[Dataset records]

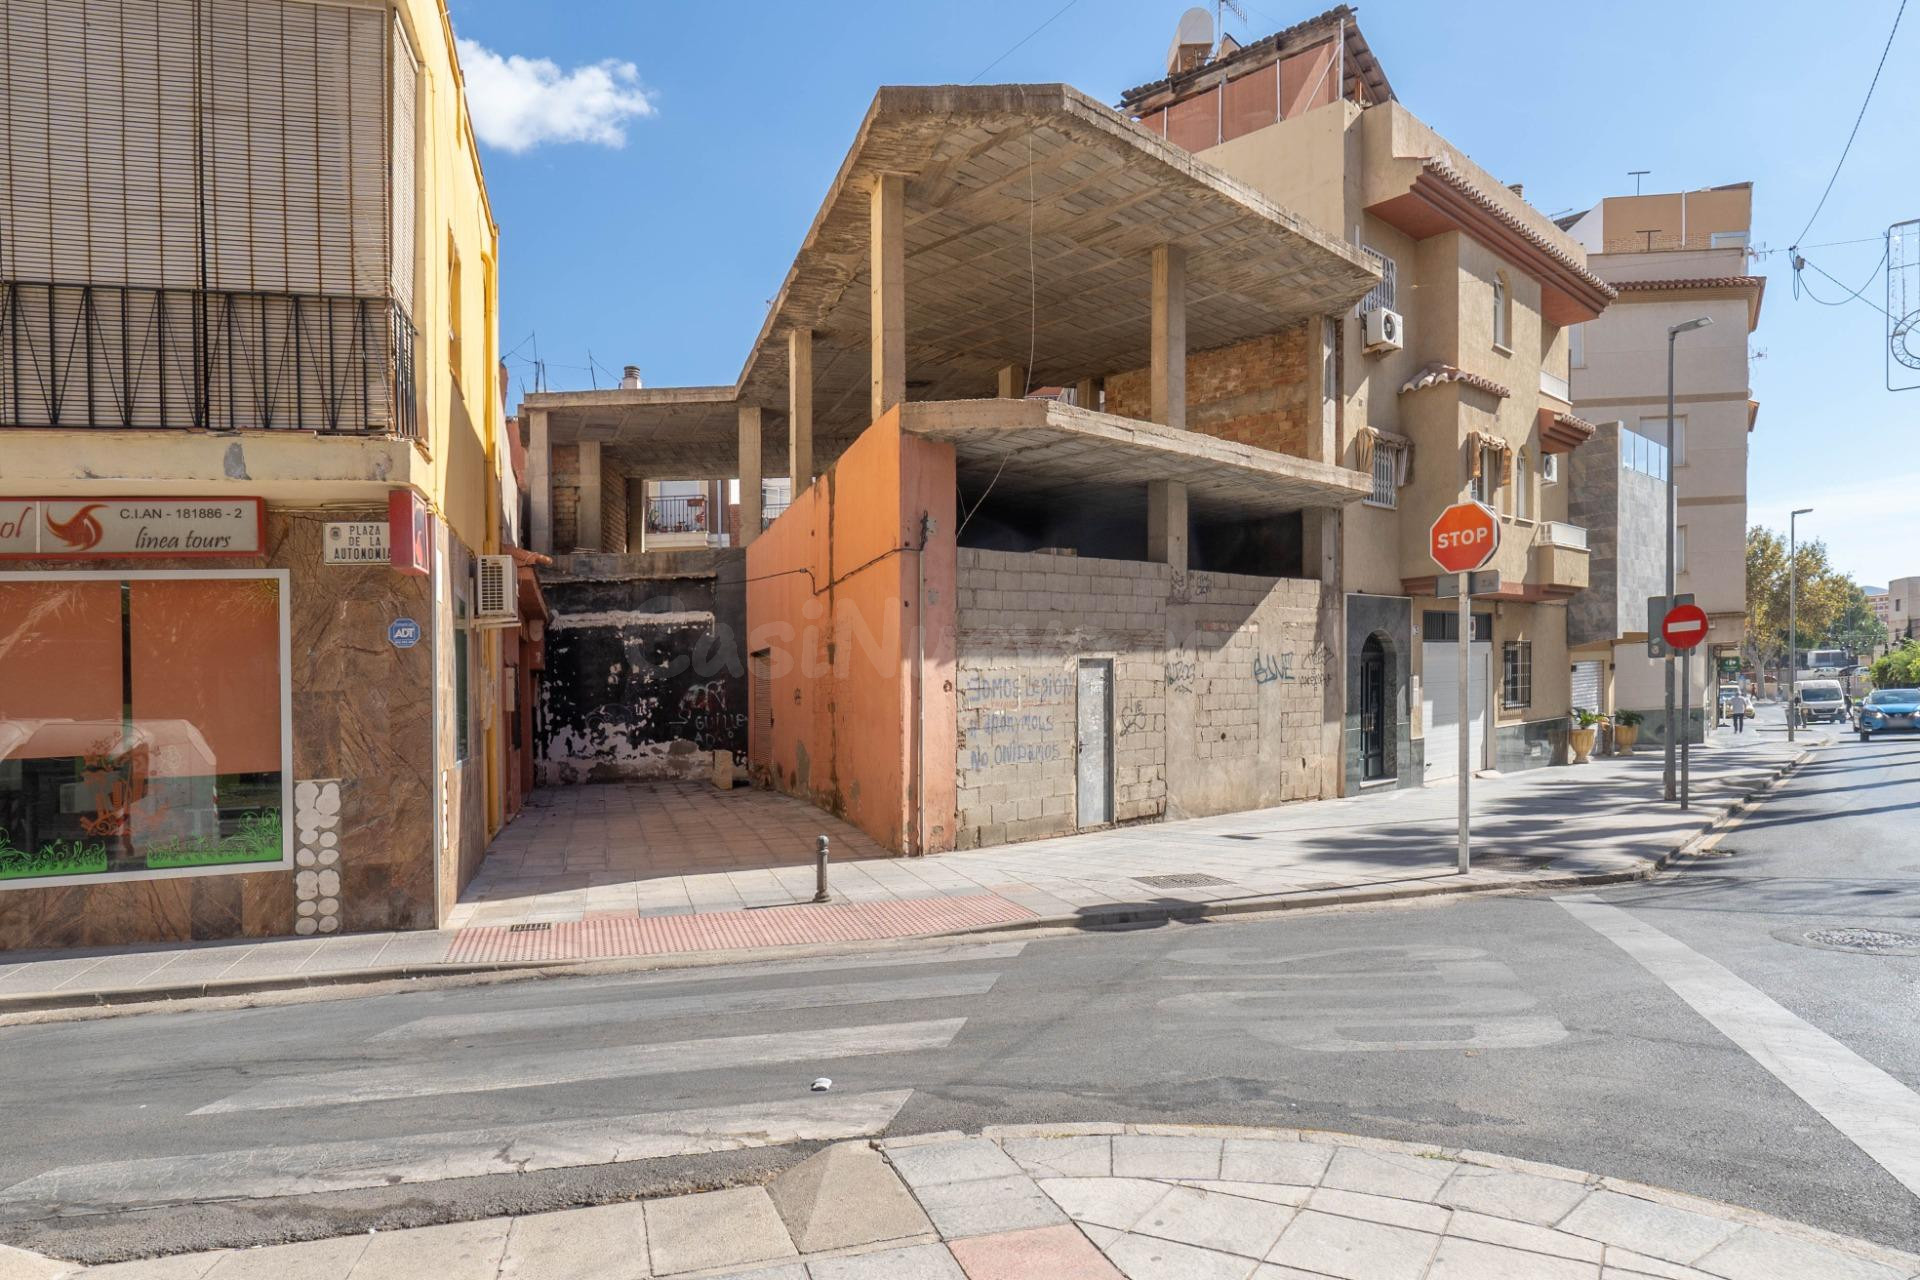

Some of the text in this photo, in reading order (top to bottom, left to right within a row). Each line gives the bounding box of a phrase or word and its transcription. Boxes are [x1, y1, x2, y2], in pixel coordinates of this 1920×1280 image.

[119, 508, 163, 520] C.I.AN
[175, 508, 223, 520] 181886
[234, 508, 243, 519] 2
[348, 525, 381, 536] PLAZA
[135, 525, 232, 549] linea tours
[348, 536, 382, 547] DE LA
[1437, 527, 1488, 549] STOP
[393, 627, 415, 638] ADT
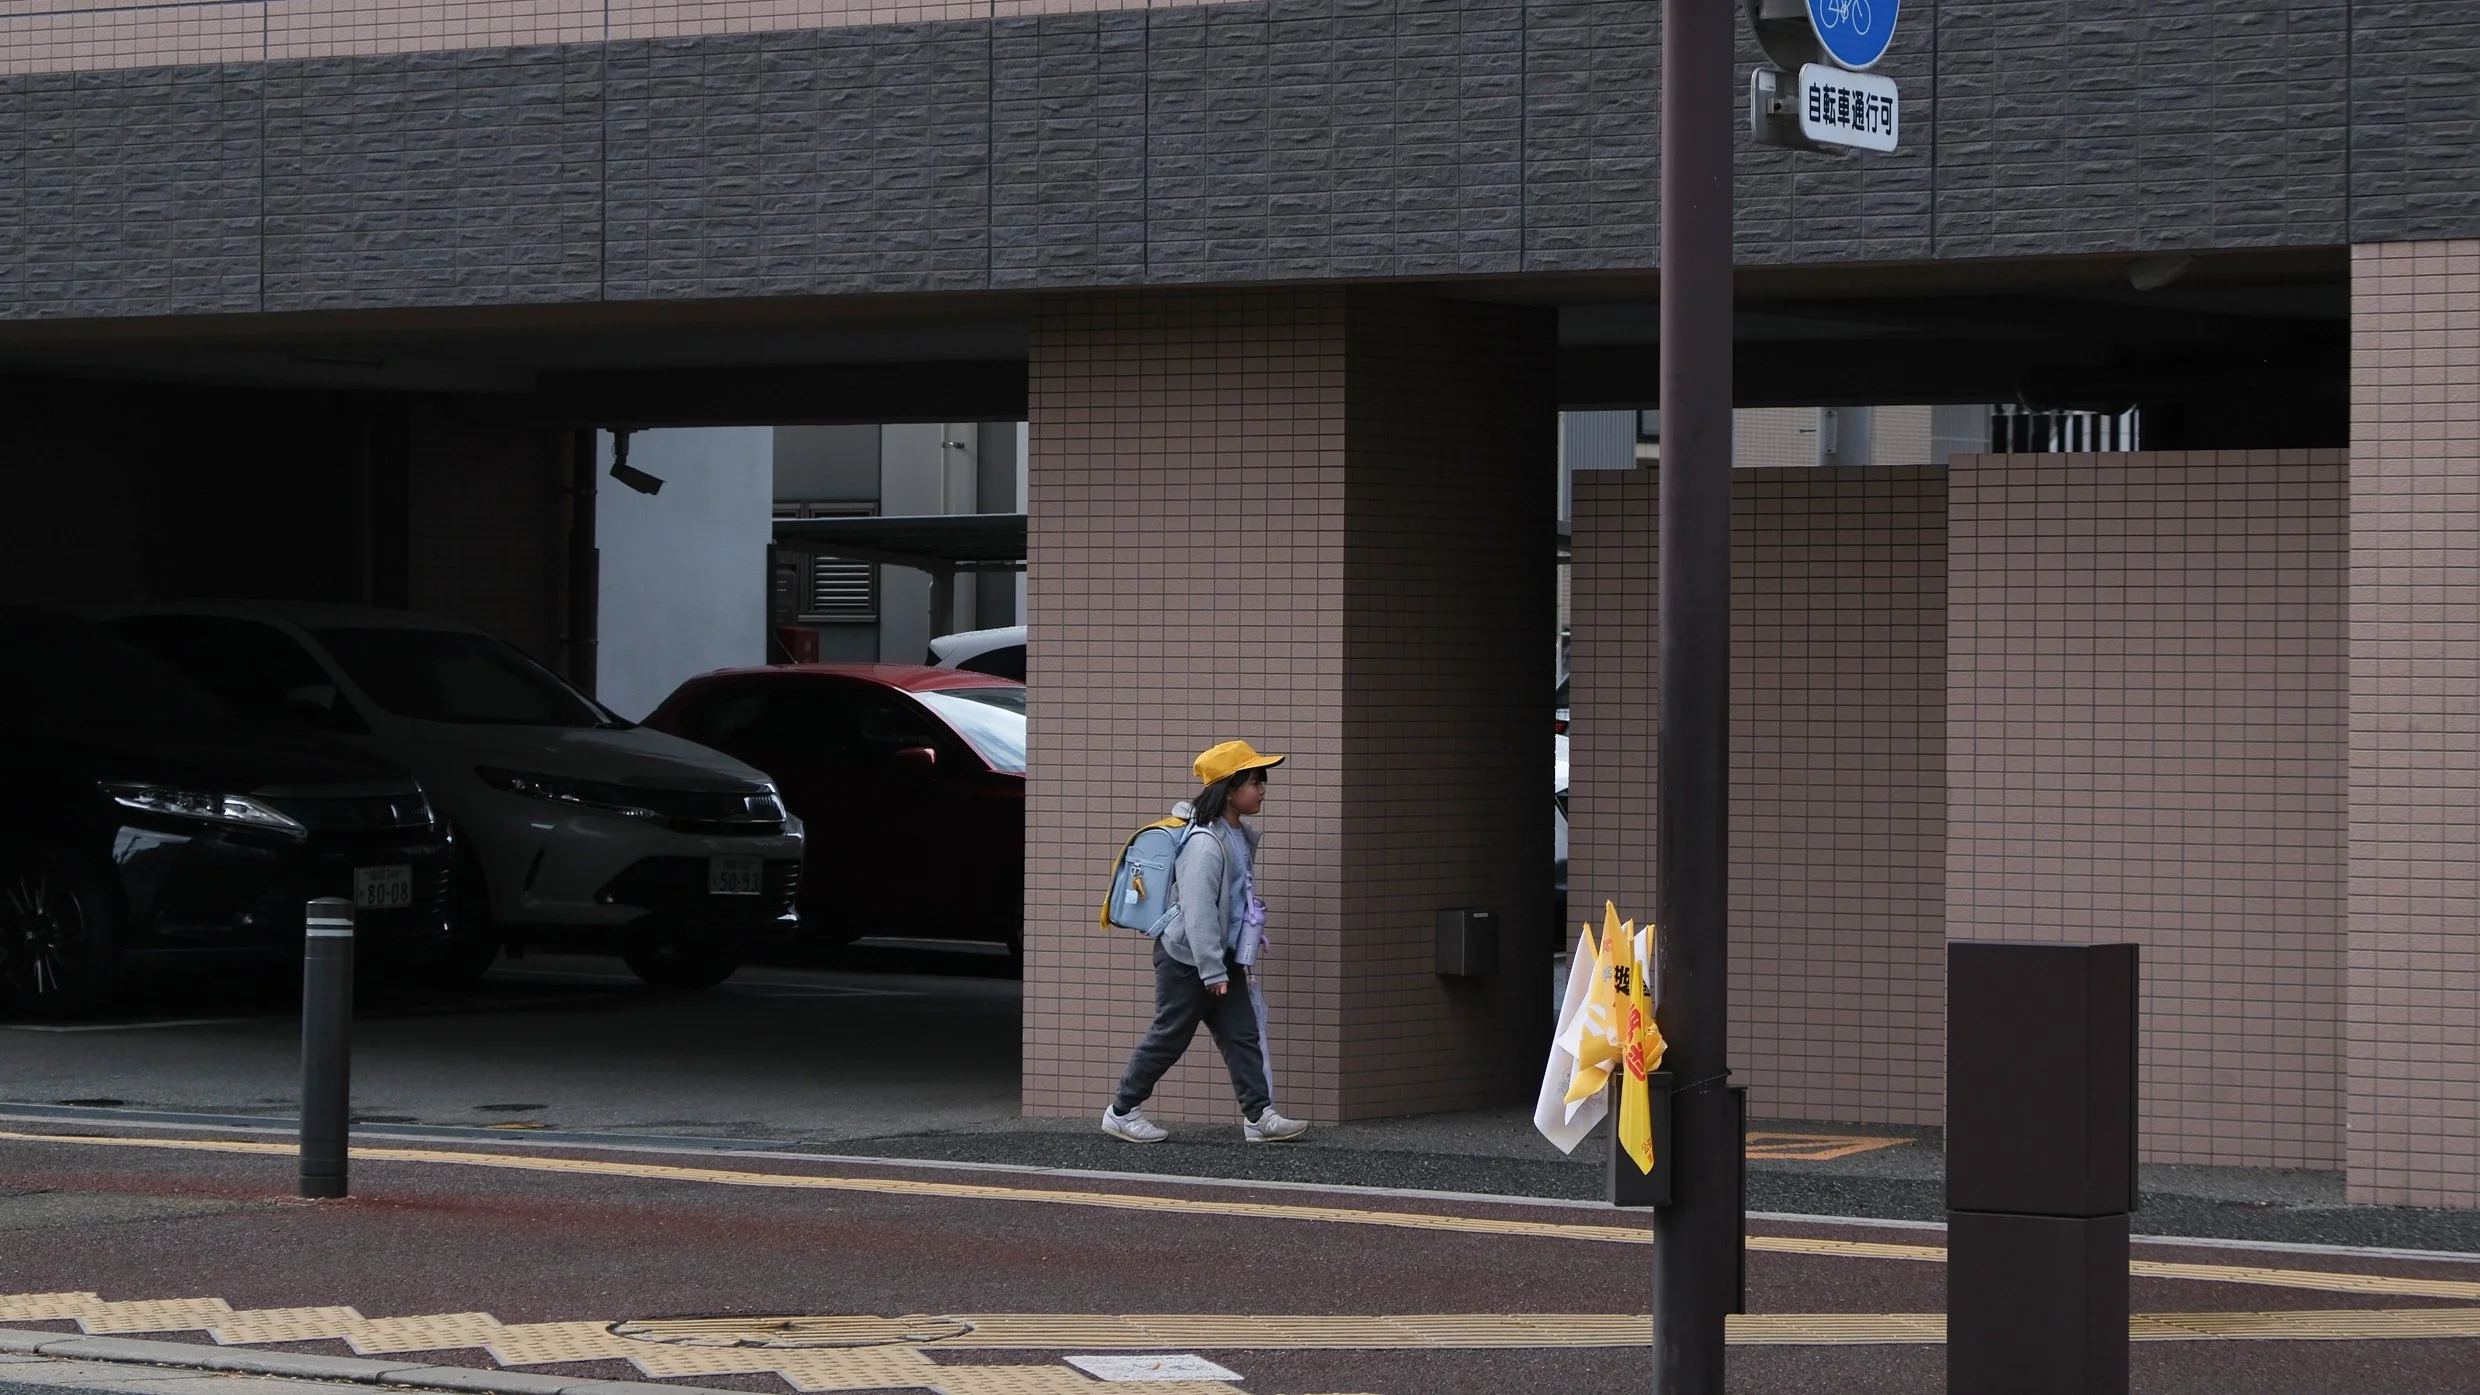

> **ACTIVITY**:
Return each entry above unchanged. Leave the pictures out.

> **ANSWER BOX**:
Some of the text in this photo, in reading order (top to bottom, left to right within a row). Each line gives the bounding box of a phrase or word and its transcription. Boxes are [x1, y1, x2, y2], in pixel coordinates of this 1920×1280 image.

[119, 508, 163, 520] C.I.AN
[175, 508, 223, 520] 181886
[234, 508, 243, 519] 2
[348, 525, 381, 536] PLAZA
[135, 525, 232, 549] linea tours
[348, 536, 382, 547] DE LA
[1437, 527, 1488, 549] STOP
[393, 627, 415, 638] ADT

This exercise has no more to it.